Whenever I receive a new credit card, I go through an elaborate cutting process of the previous card, typically over a bin. I usually do a few snips and cuts of the magnetic strip, and then very methodically cut up the numbers of the credit card so they can’t be determined… or so I thought!
I wanted to set out to test my theory, to see how successful I was. So I started digging through my draw for an old card the resembles a credit card, but doesn’t actually (hopefully) contain any compromising information. I found the perfect thing : an expired NRMA card that was provided to under 21 years olds for free. Being a little over 21, I no longer have a need of this card, and no longer have a policy with the NRMA. So I decided to destroy the card, treating it as if it were a credit card.
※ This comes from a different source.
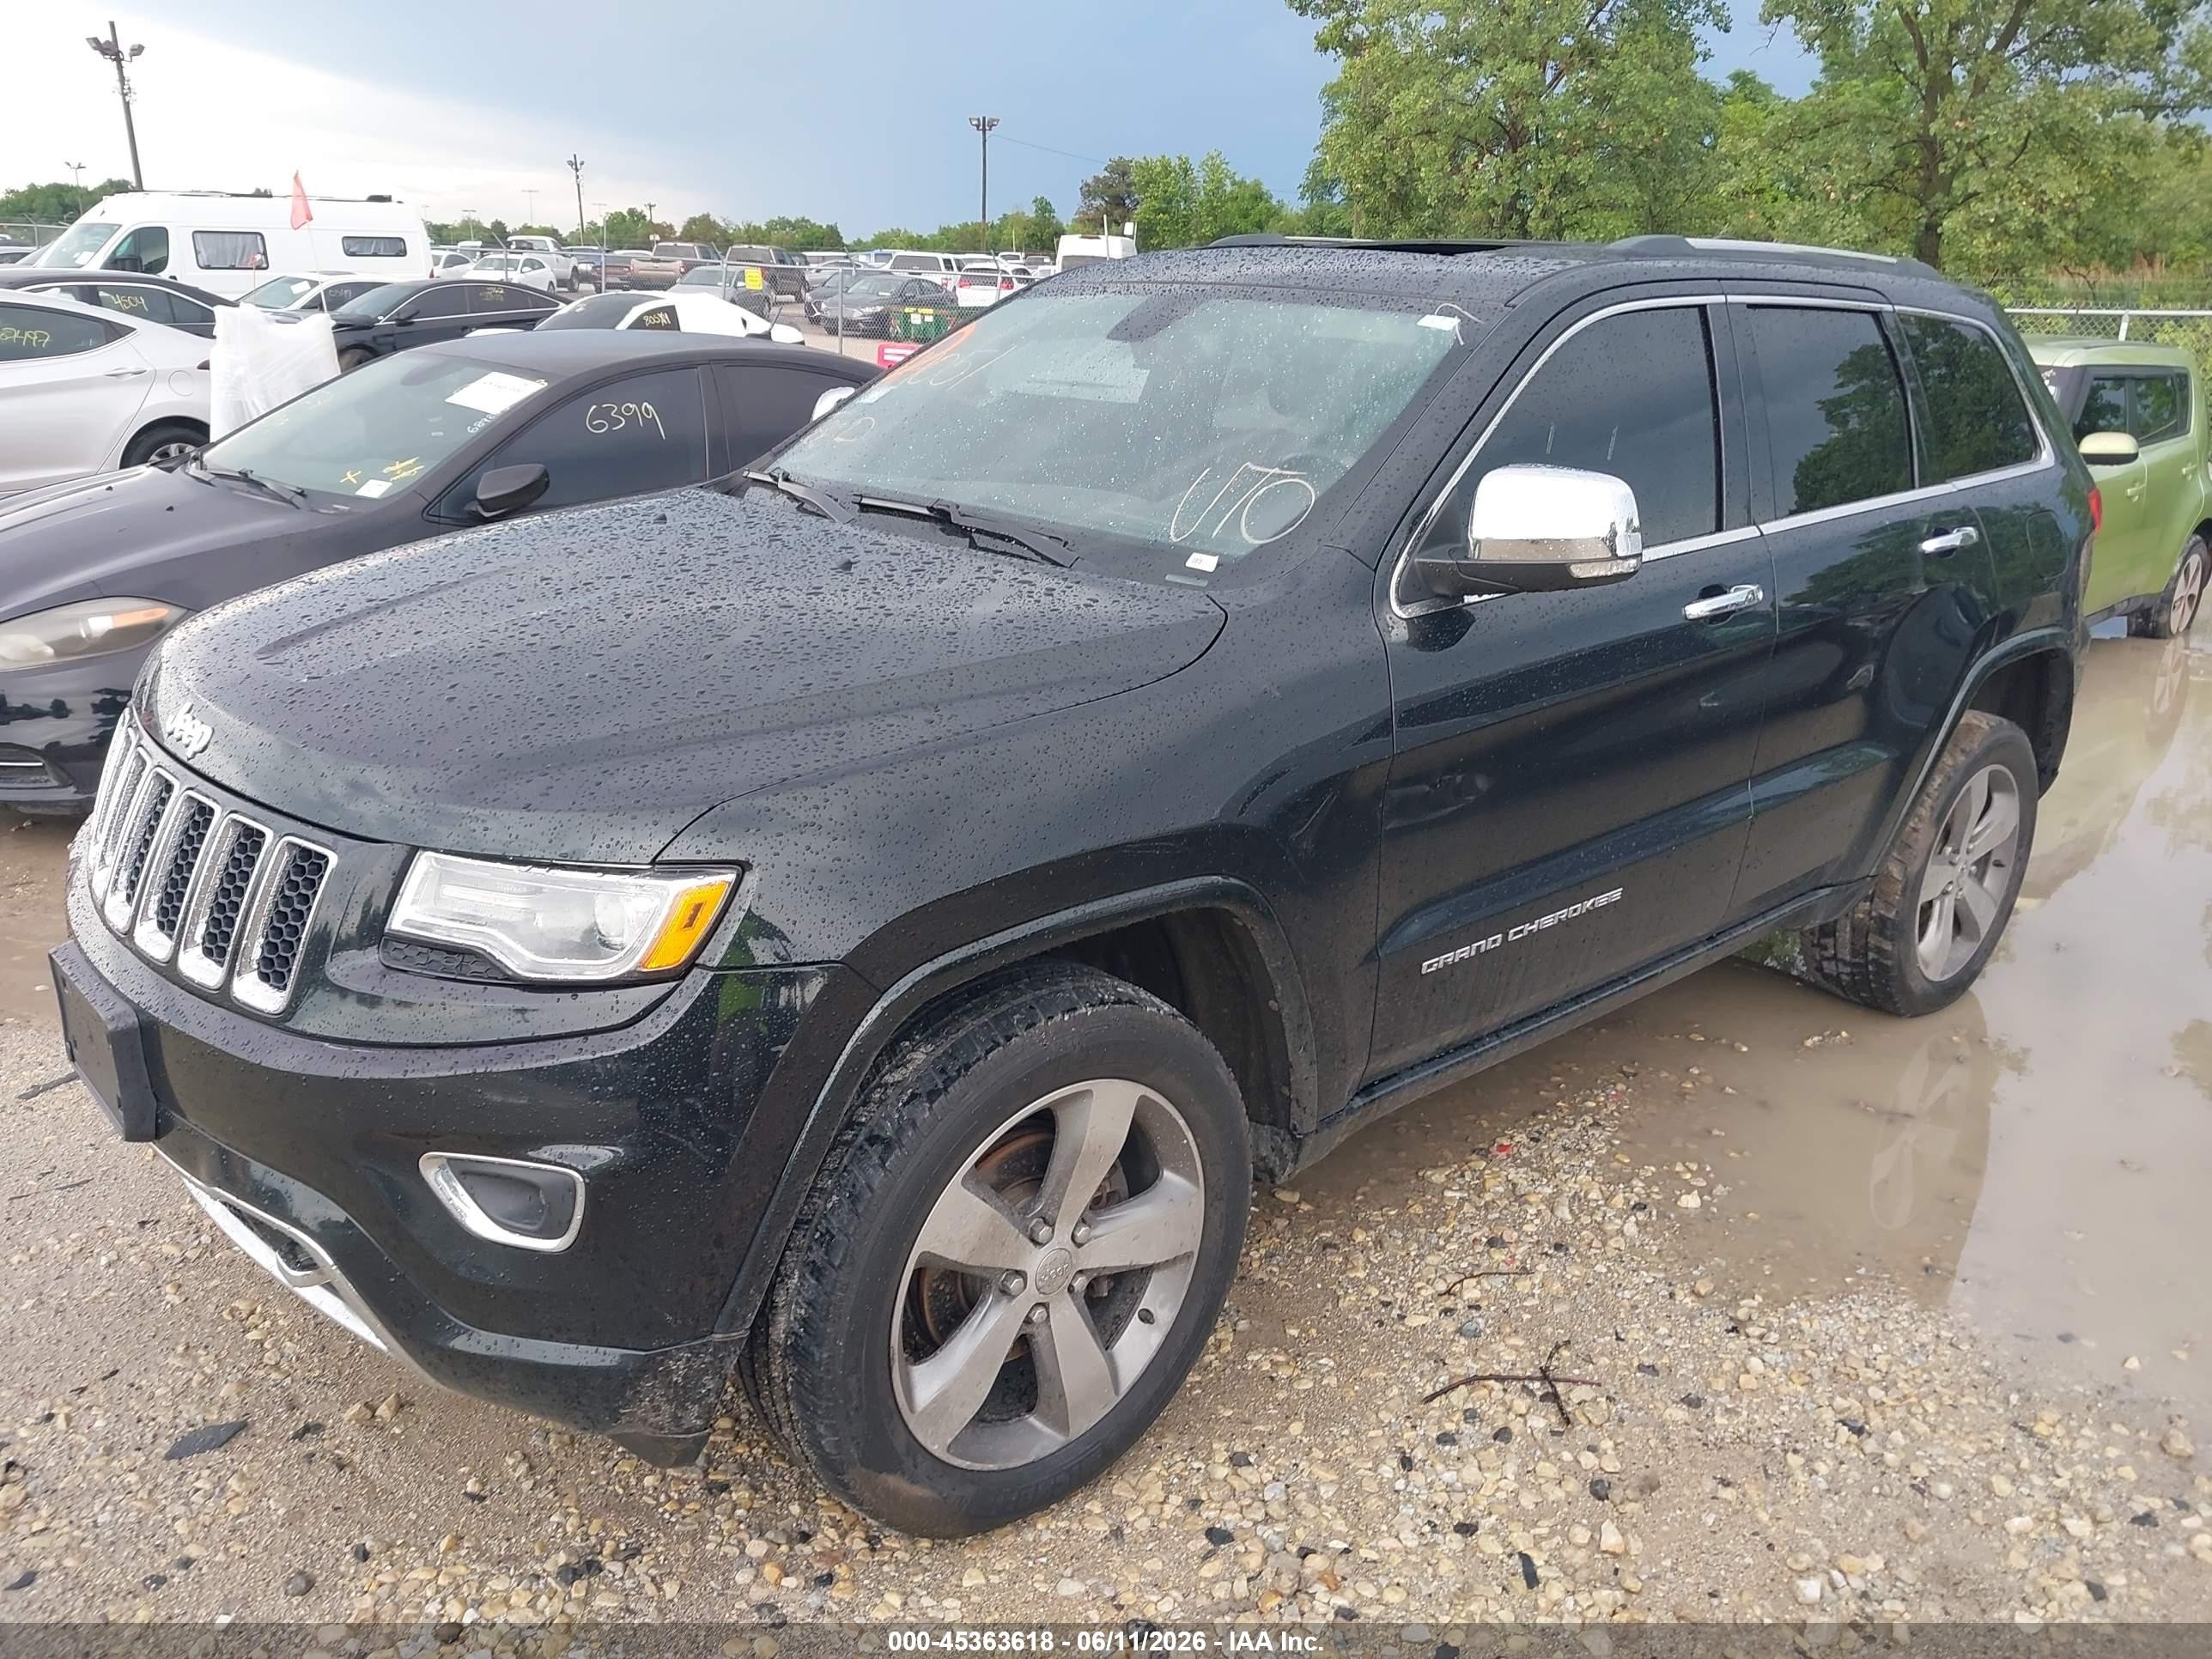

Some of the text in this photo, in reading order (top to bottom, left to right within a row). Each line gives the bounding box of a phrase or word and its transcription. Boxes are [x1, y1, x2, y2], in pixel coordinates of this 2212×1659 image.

[111, 293, 149, 312] 4504
[585, 401, 666, 441] 6399
[1419, 886, 1625, 975] GRAND CHEROKEE
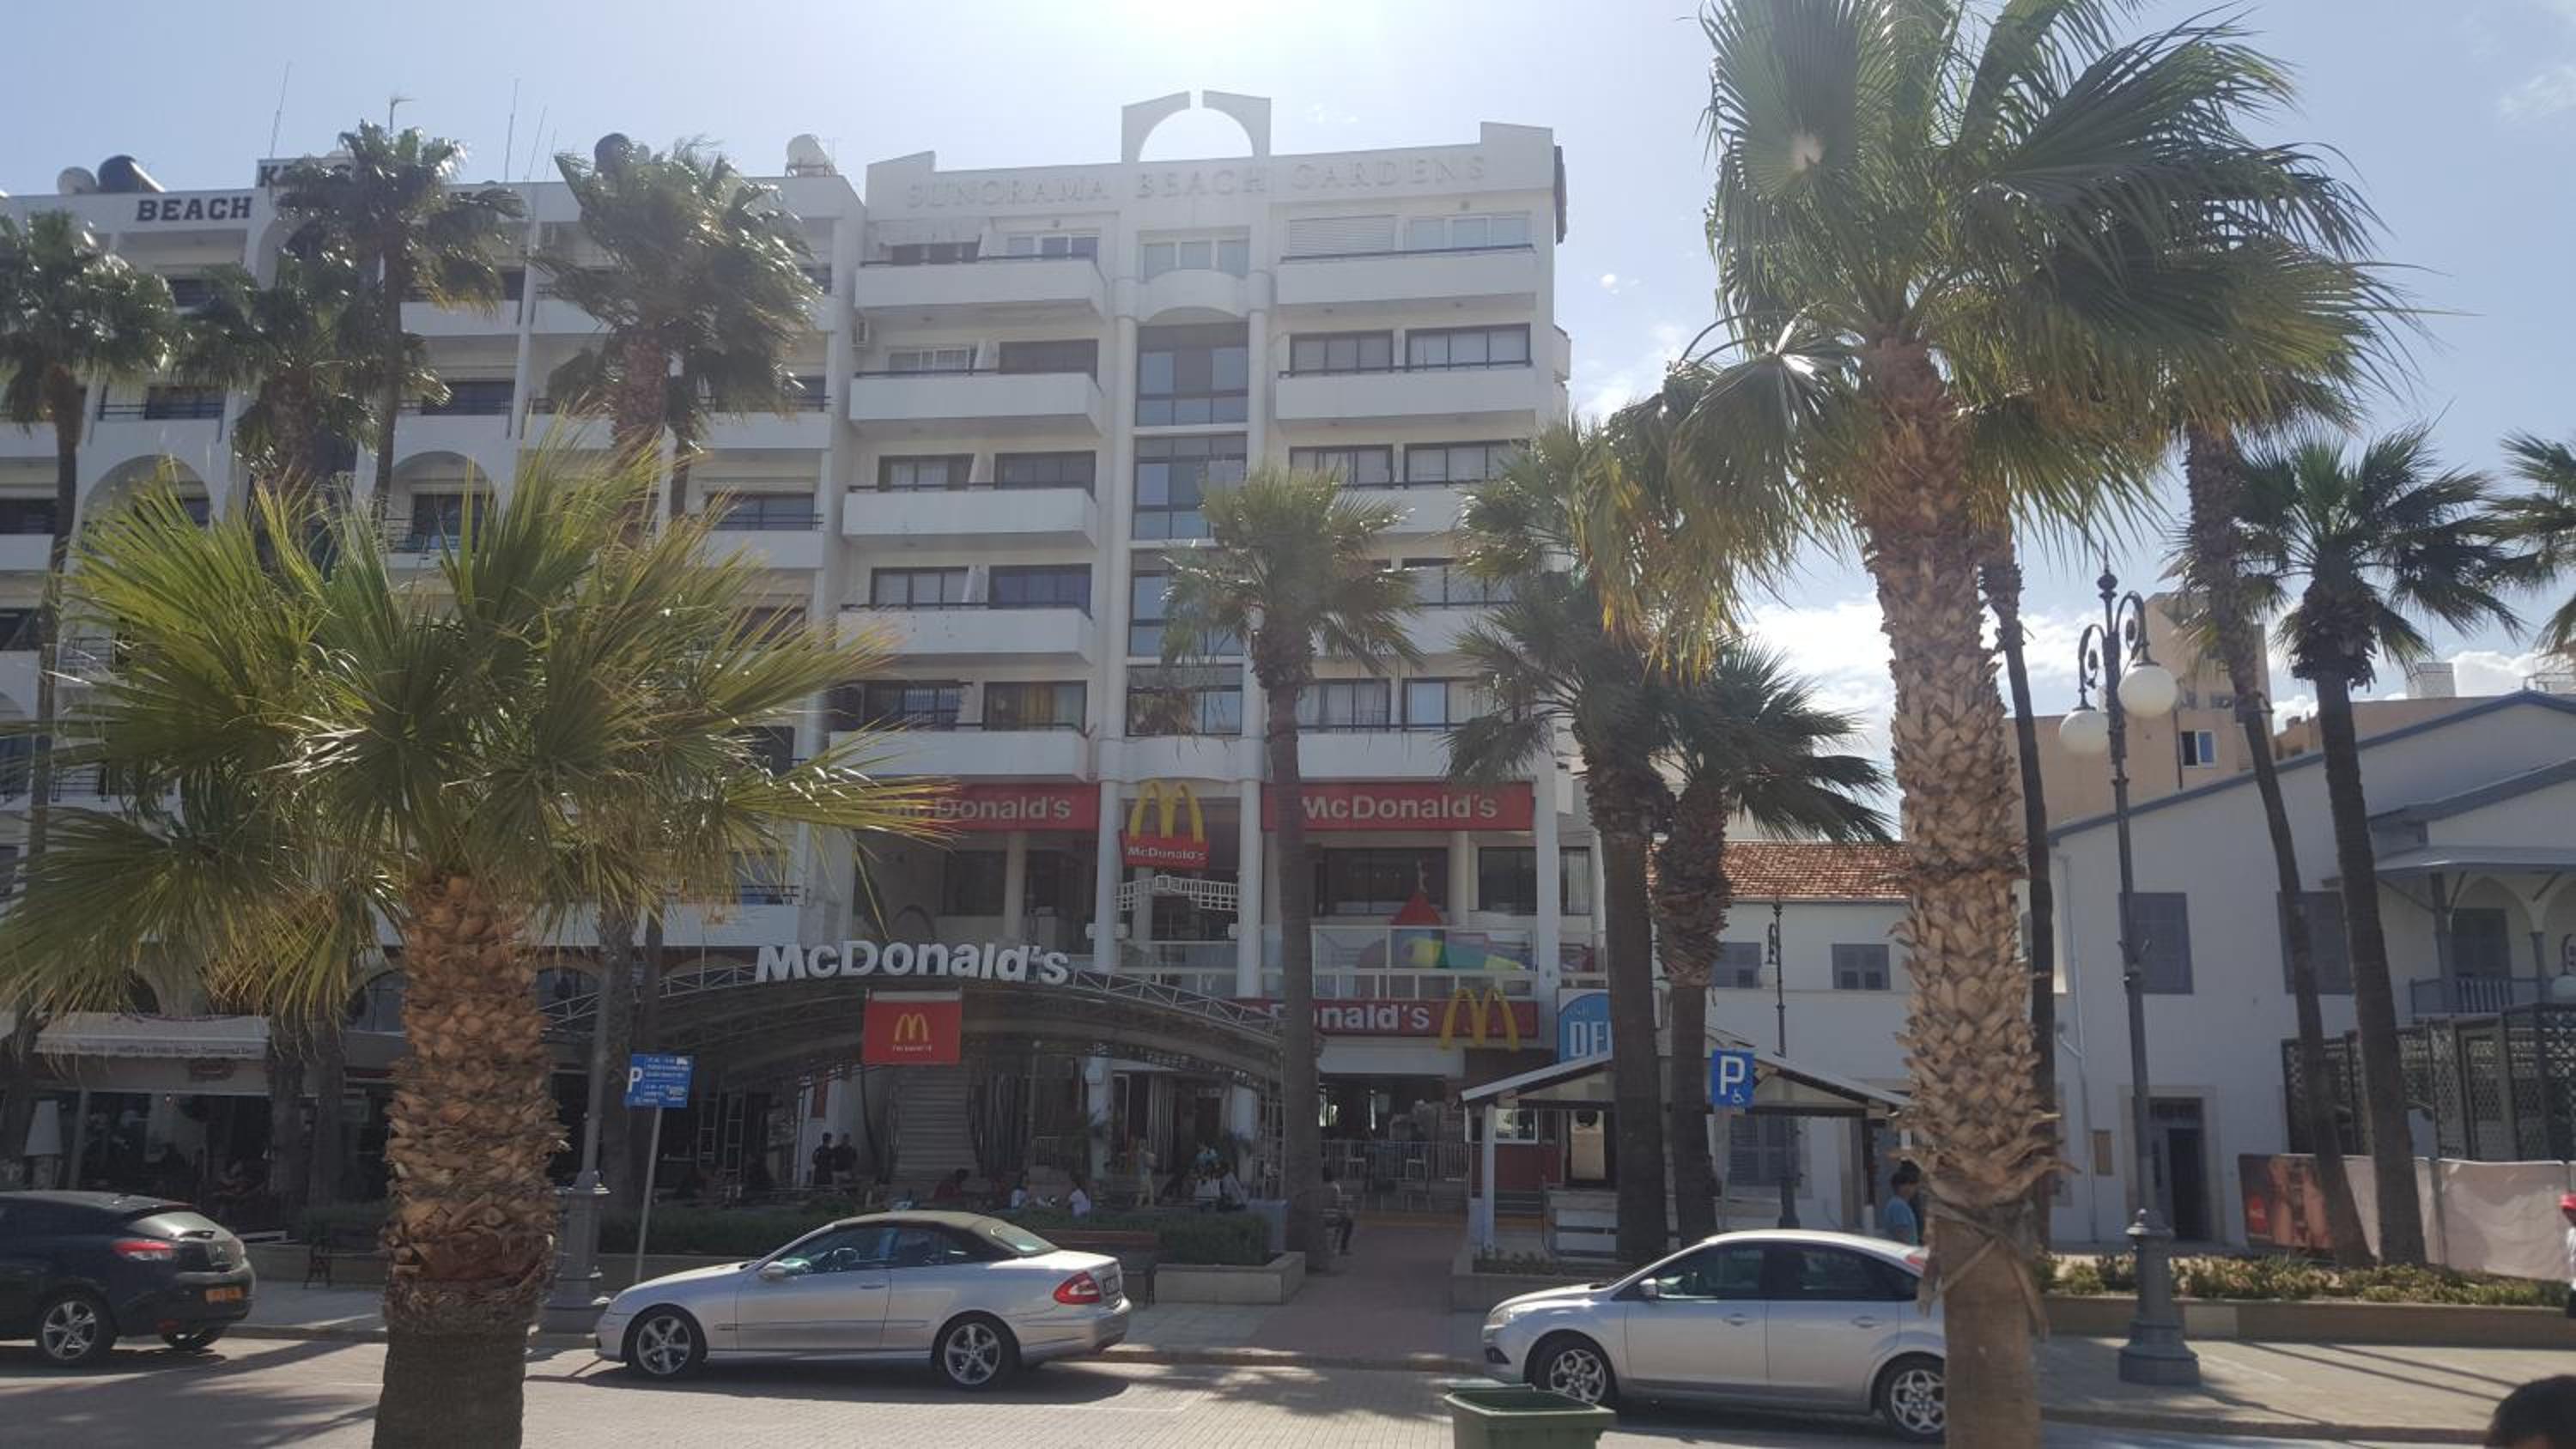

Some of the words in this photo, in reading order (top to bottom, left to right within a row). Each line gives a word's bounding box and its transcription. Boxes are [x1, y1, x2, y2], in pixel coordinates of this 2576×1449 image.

First, I took a photo of the card, so I could compare results afterward, and then proceeded to cut the card up (into 32 pieces no less) in my typical style (which is over a bin). After fully cutting the card up, I then went through the bin to recapture all the pieces (I did miss a piece) and then to try and reconstruct the card. Here’s how I went :
As you can see I was able to successfully determine the Card number (similar to a credit card number – I only mistook a 7 for a 1) as well as my name, expiry date and membership number. My signature (which I shall not show on the internet) was also fully visible. It took probably 45 minutes.
I think a fun follow on project is to investigate how far this data can get me, by calling up NRMA and trying to engineer some of my own personal information back out of the NRMA based off only this information on the membership card.